Saved entries:
⟨

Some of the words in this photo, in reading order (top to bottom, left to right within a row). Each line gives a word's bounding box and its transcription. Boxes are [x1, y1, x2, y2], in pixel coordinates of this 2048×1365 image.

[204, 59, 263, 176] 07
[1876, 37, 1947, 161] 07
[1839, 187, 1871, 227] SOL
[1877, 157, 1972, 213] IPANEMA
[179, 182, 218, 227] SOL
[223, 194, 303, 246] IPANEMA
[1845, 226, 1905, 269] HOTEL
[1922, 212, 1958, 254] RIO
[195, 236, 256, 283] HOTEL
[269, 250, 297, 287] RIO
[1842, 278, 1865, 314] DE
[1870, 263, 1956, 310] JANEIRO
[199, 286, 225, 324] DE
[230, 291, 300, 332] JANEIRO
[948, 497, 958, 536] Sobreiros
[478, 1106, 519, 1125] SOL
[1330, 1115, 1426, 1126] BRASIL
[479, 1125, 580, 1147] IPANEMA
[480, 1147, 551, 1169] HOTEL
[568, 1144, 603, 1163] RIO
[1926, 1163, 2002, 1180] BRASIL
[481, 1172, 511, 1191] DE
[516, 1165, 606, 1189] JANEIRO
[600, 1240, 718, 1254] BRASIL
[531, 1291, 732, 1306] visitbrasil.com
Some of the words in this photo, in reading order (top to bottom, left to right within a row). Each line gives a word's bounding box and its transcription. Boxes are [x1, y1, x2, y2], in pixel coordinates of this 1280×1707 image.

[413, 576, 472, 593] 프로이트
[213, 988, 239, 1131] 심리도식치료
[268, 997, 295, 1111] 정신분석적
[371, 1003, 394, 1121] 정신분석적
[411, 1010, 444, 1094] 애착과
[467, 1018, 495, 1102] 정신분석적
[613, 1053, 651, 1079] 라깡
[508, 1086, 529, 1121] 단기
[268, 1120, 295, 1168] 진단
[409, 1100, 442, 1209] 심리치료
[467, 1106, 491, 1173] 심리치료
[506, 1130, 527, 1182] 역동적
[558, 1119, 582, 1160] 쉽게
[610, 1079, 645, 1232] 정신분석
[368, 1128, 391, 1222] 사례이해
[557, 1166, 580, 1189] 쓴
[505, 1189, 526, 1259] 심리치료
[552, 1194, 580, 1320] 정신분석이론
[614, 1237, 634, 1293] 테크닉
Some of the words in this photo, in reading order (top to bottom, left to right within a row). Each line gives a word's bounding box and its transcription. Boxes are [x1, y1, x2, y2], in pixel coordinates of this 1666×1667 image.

⟩

--- WHAT YOU NEED TO DO ---
Go through the records and set each one down again, unchanged.

--- RESULT OF THE EXERCISE ---
Some of the words in this photo, in reading order (top to bottom, left to right within a row). Each line gives a word's bounding box and its transcription. Boxes are [x1, y1, x2, y2], in pixel coordinates of this 2048×1365 image.

[204, 59, 263, 176] 07
[1876, 37, 1947, 161] 07
[1839, 187, 1871, 227] SOL
[1877, 157, 1972, 213] IPANEMA
[179, 182, 218, 227] SOL
[223, 194, 303, 246] IPANEMA
[1845, 226, 1905, 269] HOTEL
[1922, 212, 1958, 254] RIO
[195, 236, 256, 283] HOTEL
[269, 250, 297, 287] RIO
[1842, 278, 1865, 314] DE
[1870, 263, 1956, 310] JANEIRO
[199, 286, 225, 324] DE
[230, 291, 300, 332] JANEIRO
[948, 497, 958, 536] Sobreiros
[478, 1106, 519, 1125] SOL
[1330, 1115, 1426, 1126] BRASIL
[479, 1125, 580, 1147] IPANEMA
[480, 1147, 551, 1169] HOTEL
[568, 1144, 603, 1163] RIO
[1926, 1163, 2002, 1180] BRASIL
[481, 1172, 511, 1191] DE
[516, 1165, 606, 1189] JANEIRO
[600, 1240, 718, 1254] BRASIL
[531, 1291, 732, 1306] visitbrasil.com
Some of the words in this photo, in reading order (top to bottom, left to right within a row). Each line gives a word's bounding box and its transcription. Boxes are [x1, y1, x2, y2], in pixel coordinates of this 1280×1707 image.

[413, 576, 472, 593] 프로이트
[213, 988, 239, 1131] 심리도식치료
[268, 997, 295, 1111] 정신분석적
[371, 1003, 394, 1121] 정신분석적
[411, 1010, 444, 1094] 애착과
[467, 1018, 495, 1102] 정신분석적
[613, 1053, 651, 1079] 라깡
[508, 1086, 529, 1121] 단기
[268, 1120, 295, 1168] 진단
[409, 1100, 442, 1209] 심리치료
[467, 1106, 491, 1173] 심리치료
[506, 1130, 527, 1182] 역동적
[558, 1119, 582, 1160] 쉽게
[610, 1079, 645, 1232] 정신분석
[368, 1128, 391, 1222] 사례이해
[557, 1166, 580, 1189] 쓴
[505, 1189, 526, 1259] 심리치료
[552, 1194, 580, 1320] 정신분석이론
[614, 1237, 634, 1293] 테크닉
Some of the words in this photo, in reading order (top to bottom, left to right within a row). Each line gives a word's bounding box and its transcription. Boxes are [x1, y1, x2, y2], in pixel coordinates of this 1666×1667 image.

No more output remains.